## What is required:
Give the listing again word for word. Leave every image out.

─── Source material ───

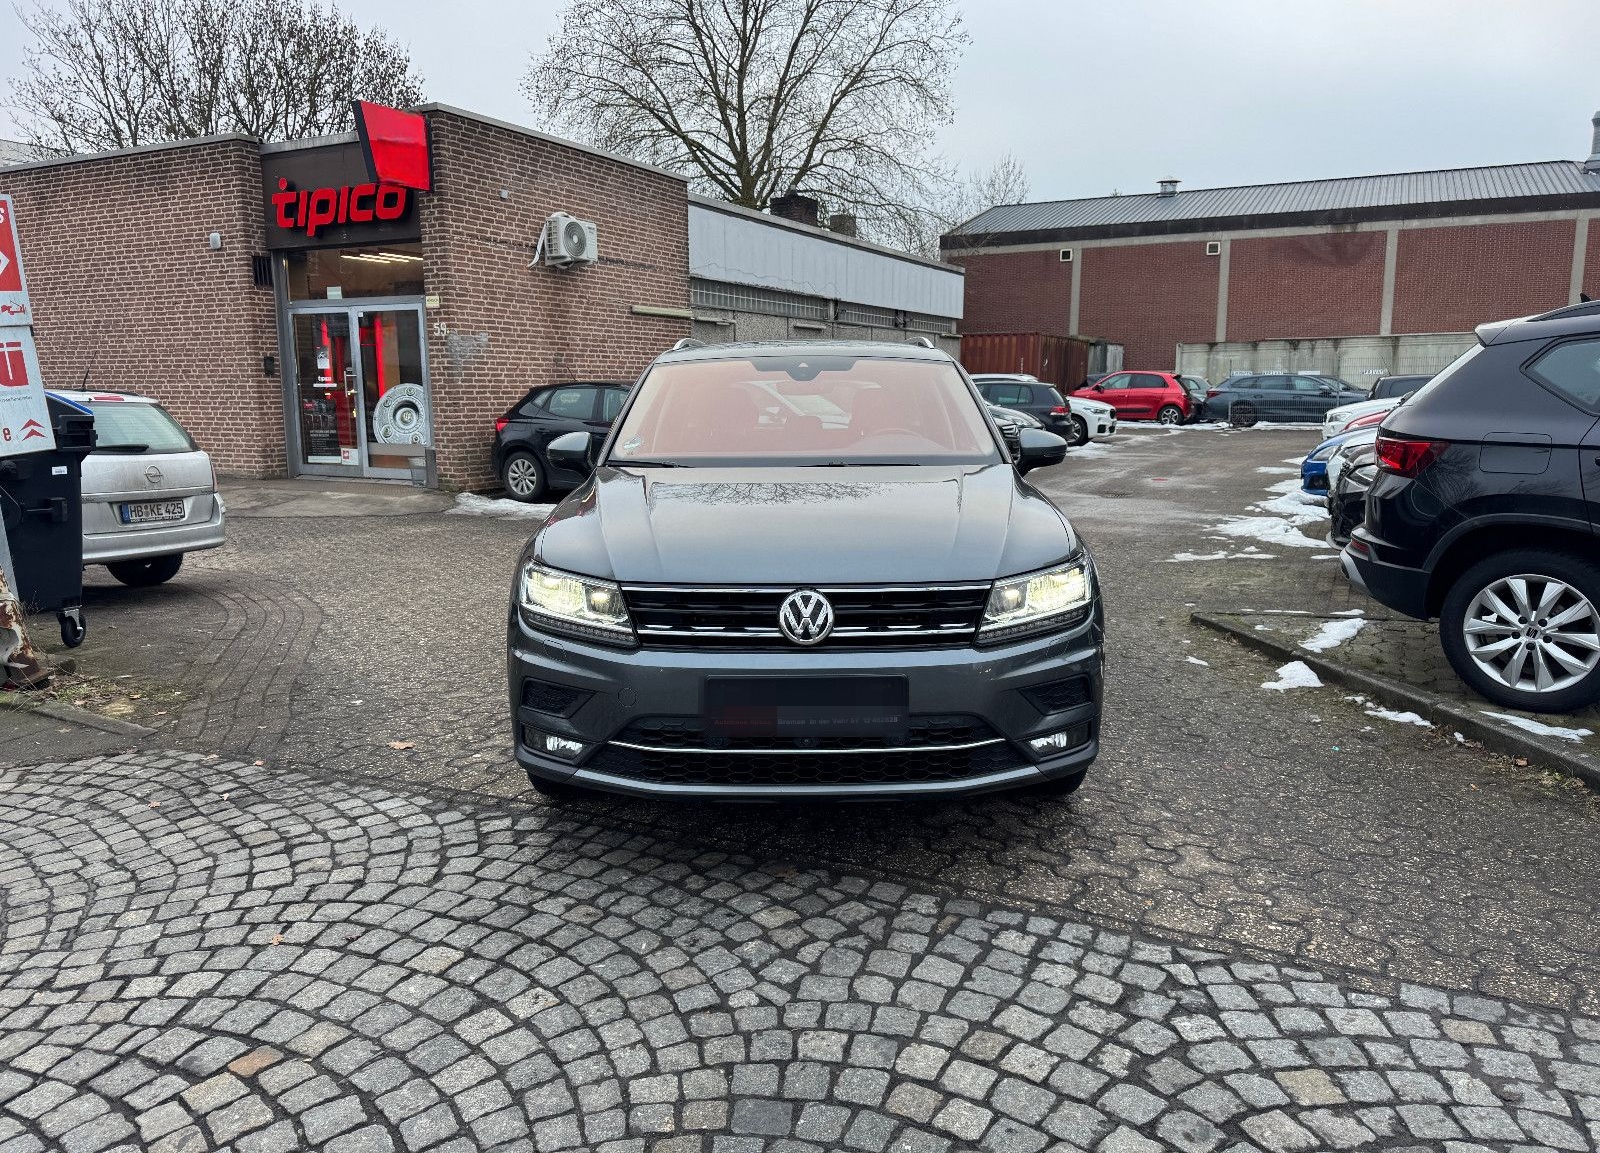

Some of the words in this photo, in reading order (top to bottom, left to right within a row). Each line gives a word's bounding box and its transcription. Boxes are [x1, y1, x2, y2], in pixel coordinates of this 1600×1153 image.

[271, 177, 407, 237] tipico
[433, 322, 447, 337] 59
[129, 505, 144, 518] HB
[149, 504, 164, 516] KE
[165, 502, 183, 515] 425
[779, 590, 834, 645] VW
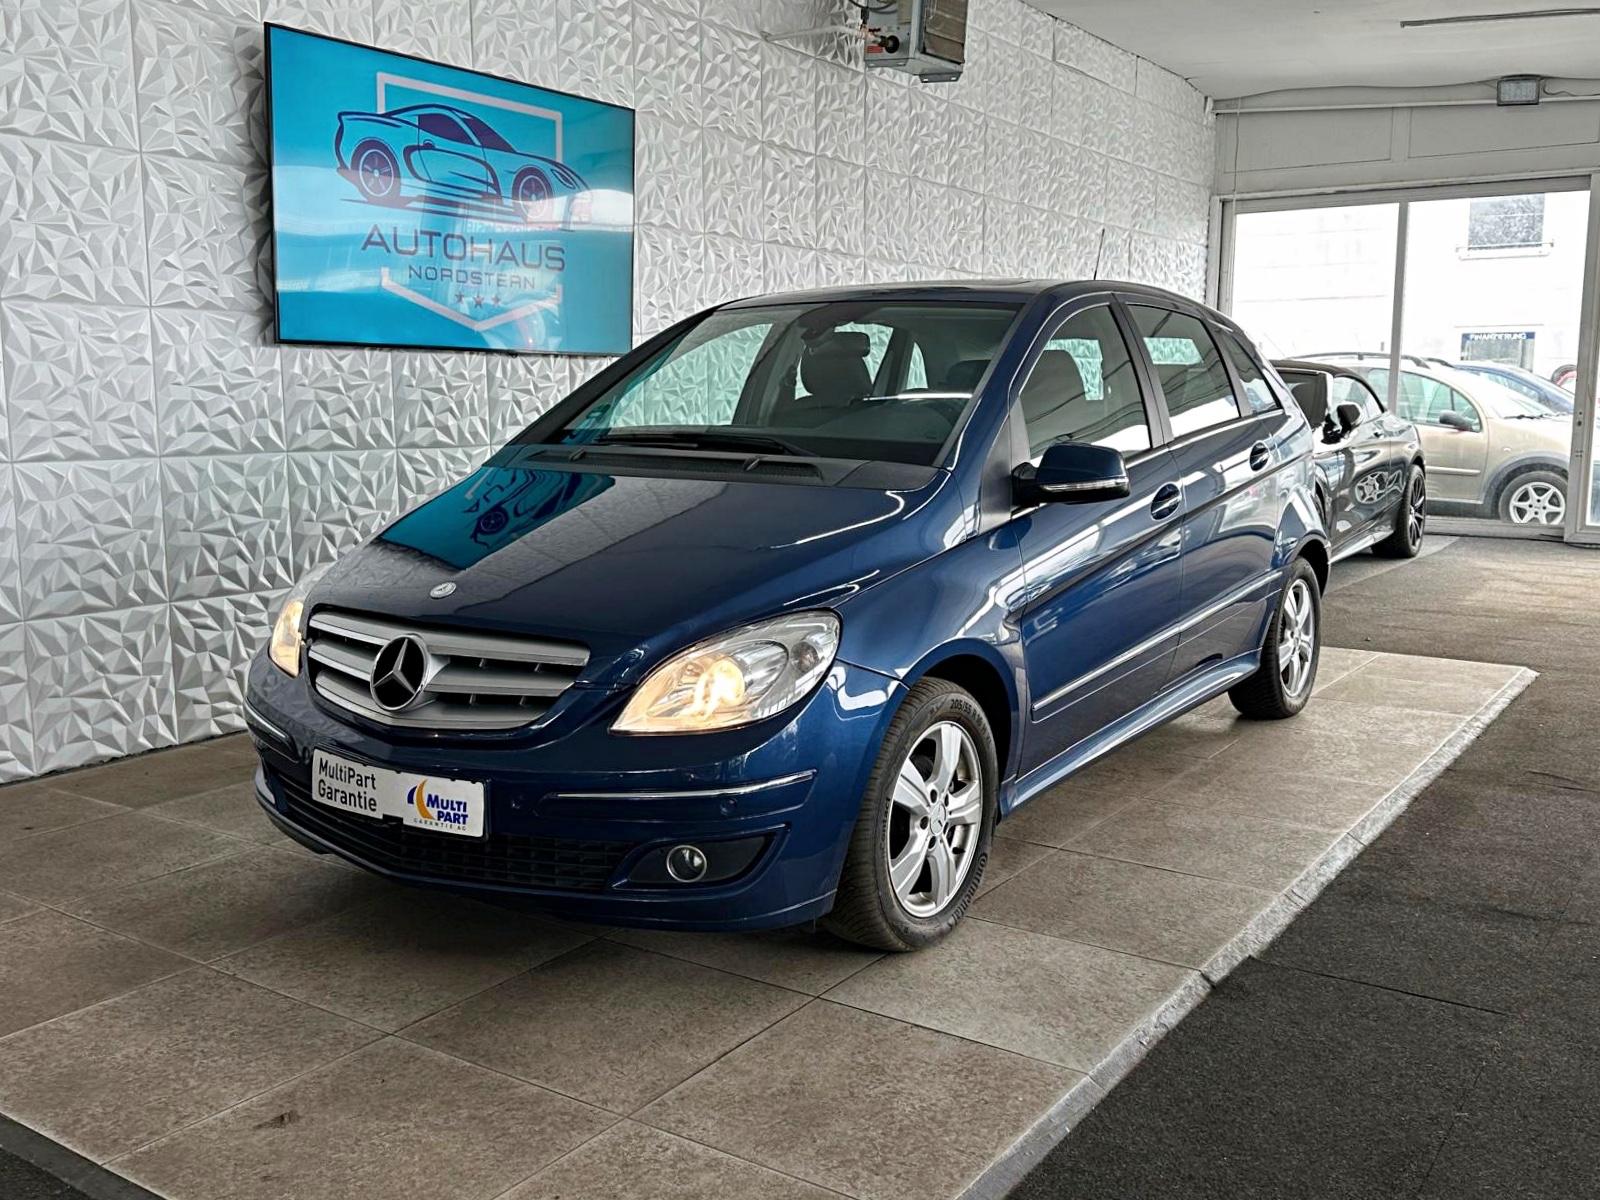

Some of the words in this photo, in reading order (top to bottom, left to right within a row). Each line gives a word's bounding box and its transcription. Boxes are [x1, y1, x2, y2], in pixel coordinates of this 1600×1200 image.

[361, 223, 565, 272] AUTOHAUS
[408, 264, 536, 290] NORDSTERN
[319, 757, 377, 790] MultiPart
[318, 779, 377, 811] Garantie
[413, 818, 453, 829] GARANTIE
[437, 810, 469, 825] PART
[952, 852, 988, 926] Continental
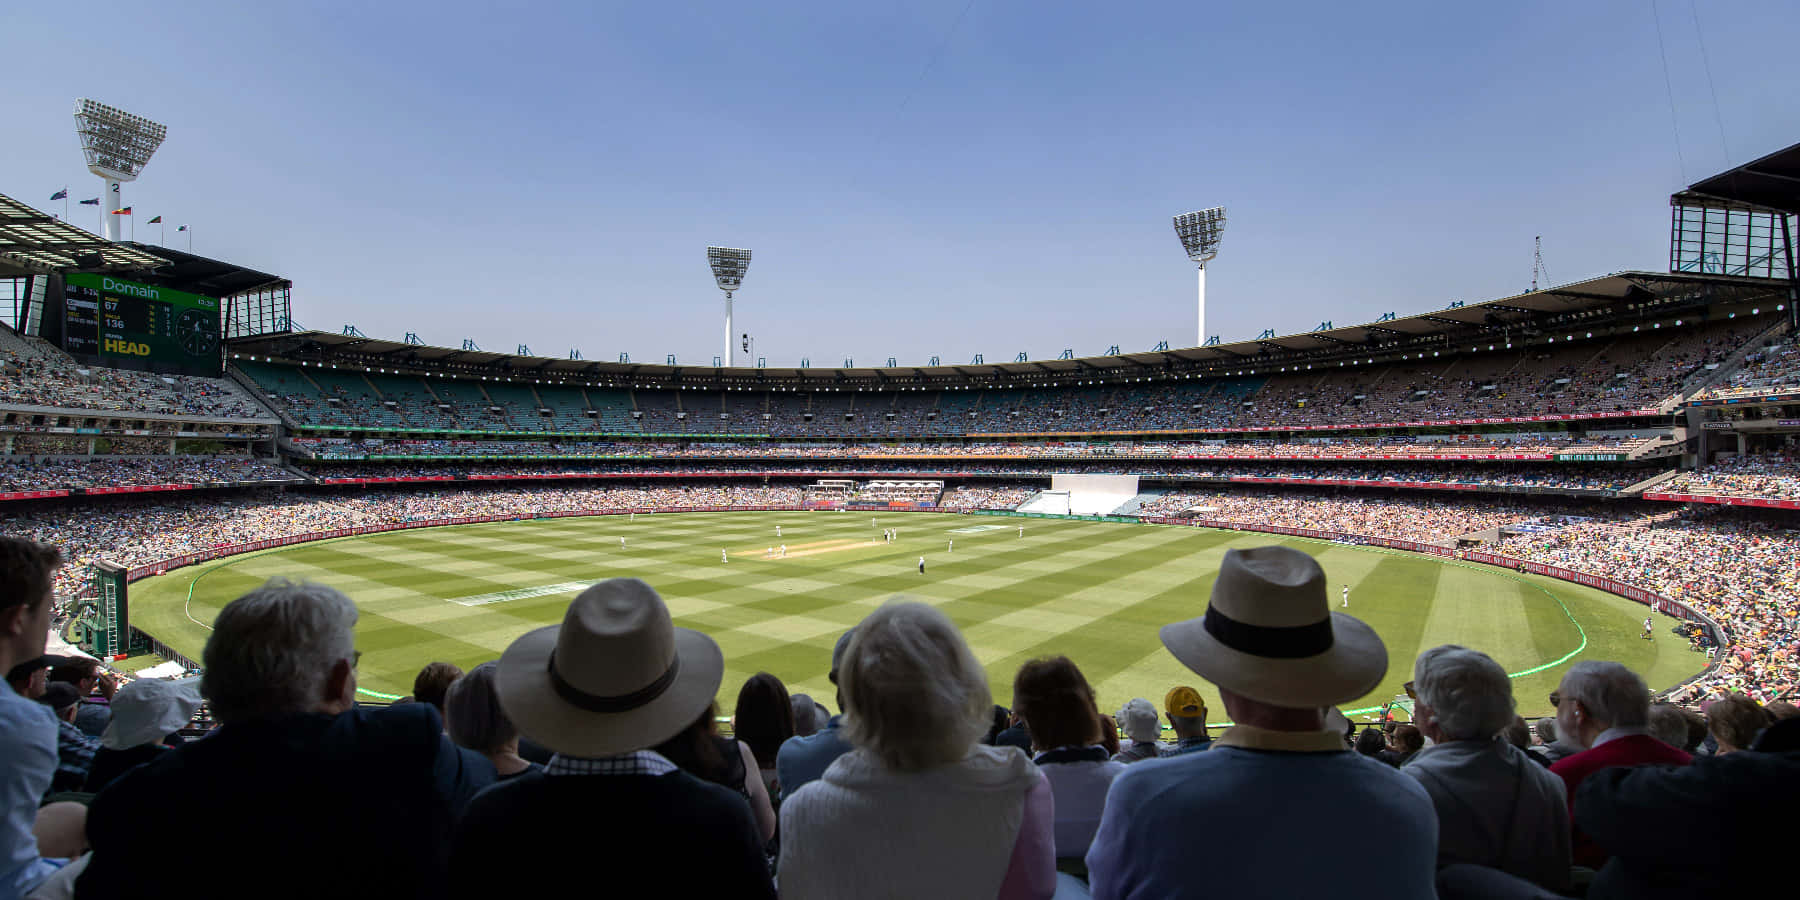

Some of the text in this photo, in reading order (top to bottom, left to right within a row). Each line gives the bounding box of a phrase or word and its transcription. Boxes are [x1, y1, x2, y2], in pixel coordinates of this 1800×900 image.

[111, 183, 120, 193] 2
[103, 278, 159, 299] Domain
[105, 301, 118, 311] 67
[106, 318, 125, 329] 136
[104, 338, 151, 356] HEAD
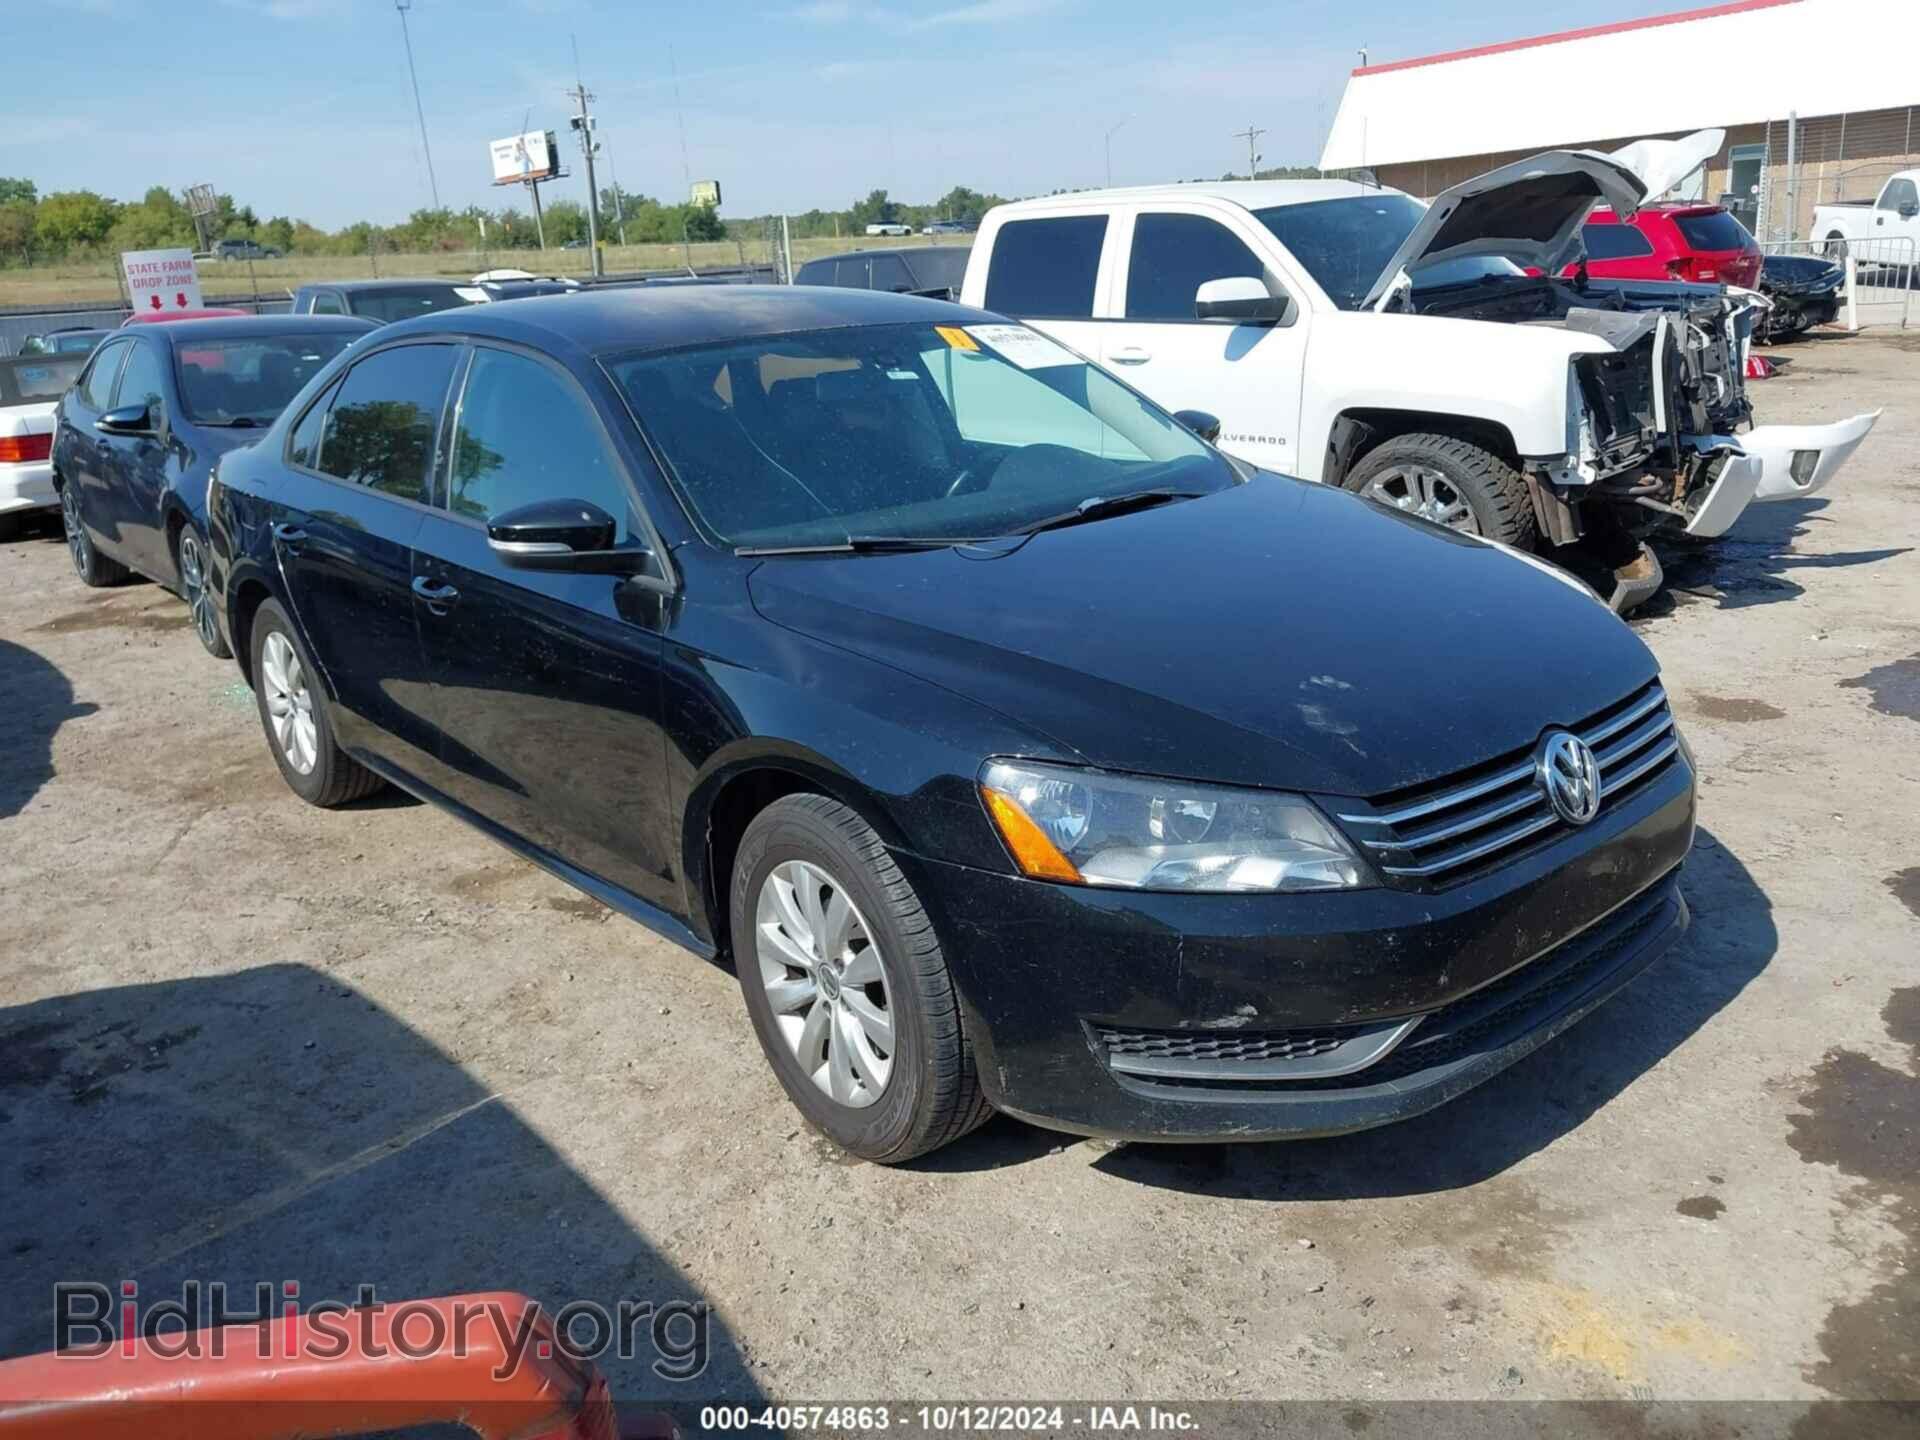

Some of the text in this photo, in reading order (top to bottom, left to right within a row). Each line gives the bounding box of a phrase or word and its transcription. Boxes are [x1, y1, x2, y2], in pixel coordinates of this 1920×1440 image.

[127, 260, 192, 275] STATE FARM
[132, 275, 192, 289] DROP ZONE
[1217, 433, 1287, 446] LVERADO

───

## Answer box:
Some of the words in this photo, in reading order (top to bottom, left to right within a row). Each line gives a word's bounding box and its transcription. Boxes are [x1, y1, x2, y2], in pixel coordinates of this 1600×1153 image.

[271, 177, 407, 237] tipico
[433, 322, 447, 337] 59
[129, 505, 144, 518] HB
[149, 504, 164, 516] KE
[165, 502, 183, 515] 425
[779, 590, 834, 645] VW

Some of the words in this photo, in reading order (top to bottom, left to right within a row). Each line gives a word's bounding box and its transcription. Boxes are [x1, y1, x2, y2], in pixel coordinates of this 1600×1200 image.

[361, 223, 565, 272] AUTOHAUS
[408, 264, 536, 290] NORDSTERN
[319, 757, 377, 790] MultiPart
[318, 779, 377, 811] Garantie
[413, 818, 453, 829] GARANTIE
[437, 810, 469, 825] PART
[952, 852, 988, 926] Continental

Some of the text in this photo, in reading order (top to bottom, left to right within a row). Each line gives the bounding box of a phrase or word and its transcription. Boxes are [x1, y1, x2, y2], in pixel coordinates of this 1800×900 image.

[111, 183, 120, 193] 2
[103, 278, 159, 299] Domain
[105, 301, 118, 311] 67
[106, 318, 125, 329] 136
[104, 338, 151, 356] HEAD

Some of the text in this photo, in reading order (top to bottom, left to right within a row). Each line gives the bounding box of a phrase or word and its transcription. Boxes are [x1, y1, x2, y2], in pixel coordinates of this 1920×1440 image.

[127, 260, 192, 275] STATE FARM
[132, 275, 192, 289] DROP ZONE
[1217, 433, 1287, 446] LVERADO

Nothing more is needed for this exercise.